Activity —
Pictures stay out; everything else in the entries below is to be duplicated exactly.

Records to use —
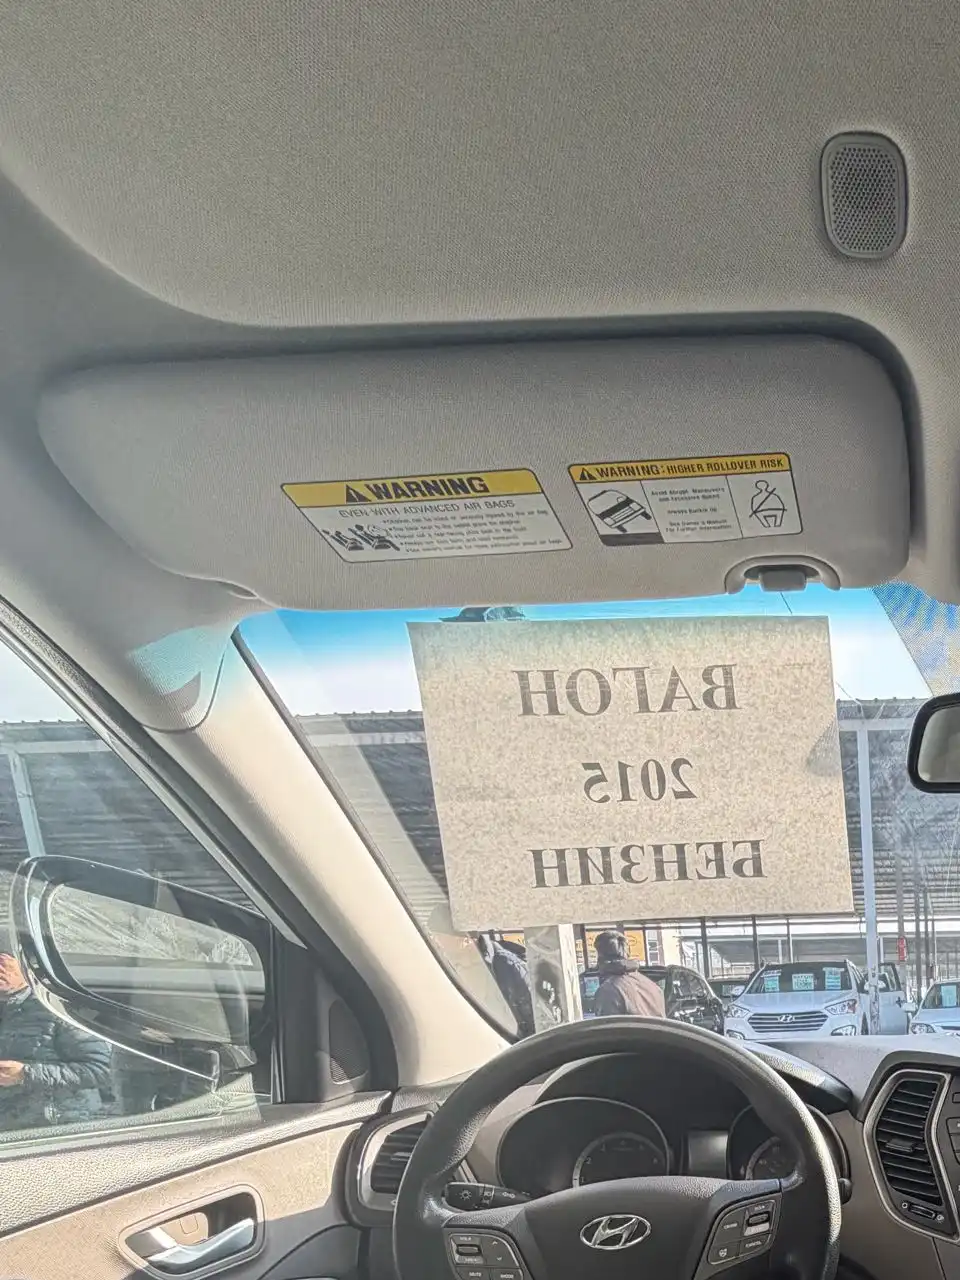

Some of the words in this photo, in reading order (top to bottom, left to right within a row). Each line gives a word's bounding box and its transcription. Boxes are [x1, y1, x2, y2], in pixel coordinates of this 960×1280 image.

[667, 463, 705, 474] HIGHER
[706, 461, 757, 472] ROLLOVER
[760, 459, 784, 468] RISK
[364, 477, 490, 500] WARNING
[339, 508, 369, 518] EVEN
[370, 506, 400, 516] WITH
[403, 503, 460, 514] ADVANCED
[464, 502, 482, 511] AIR
[485, 500, 516, 509] BAGS

Answer to this problem —
Some of the words in this photo, in reading order (top to bottom, left to right within a row). Each line gives a word's bounding box and its transcription. Boxes are [x1, y1, x2, y2], in pixel coordinates of this 960×1280 image.

[667, 463, 705, 474] HIGHER
[706, 461, 757, 472] ROLLOVER
[760, 459, 784, 468] RISK
[364, 477, 490, 500] WARNING
[339, 508, 369, 518] EVEN
[370, 506, 400, 516] WITH
[403, 503, 460, 514] ADVANCED
[464, 502, 482, 511] AIR
[485, 500, 516, 509] BAGS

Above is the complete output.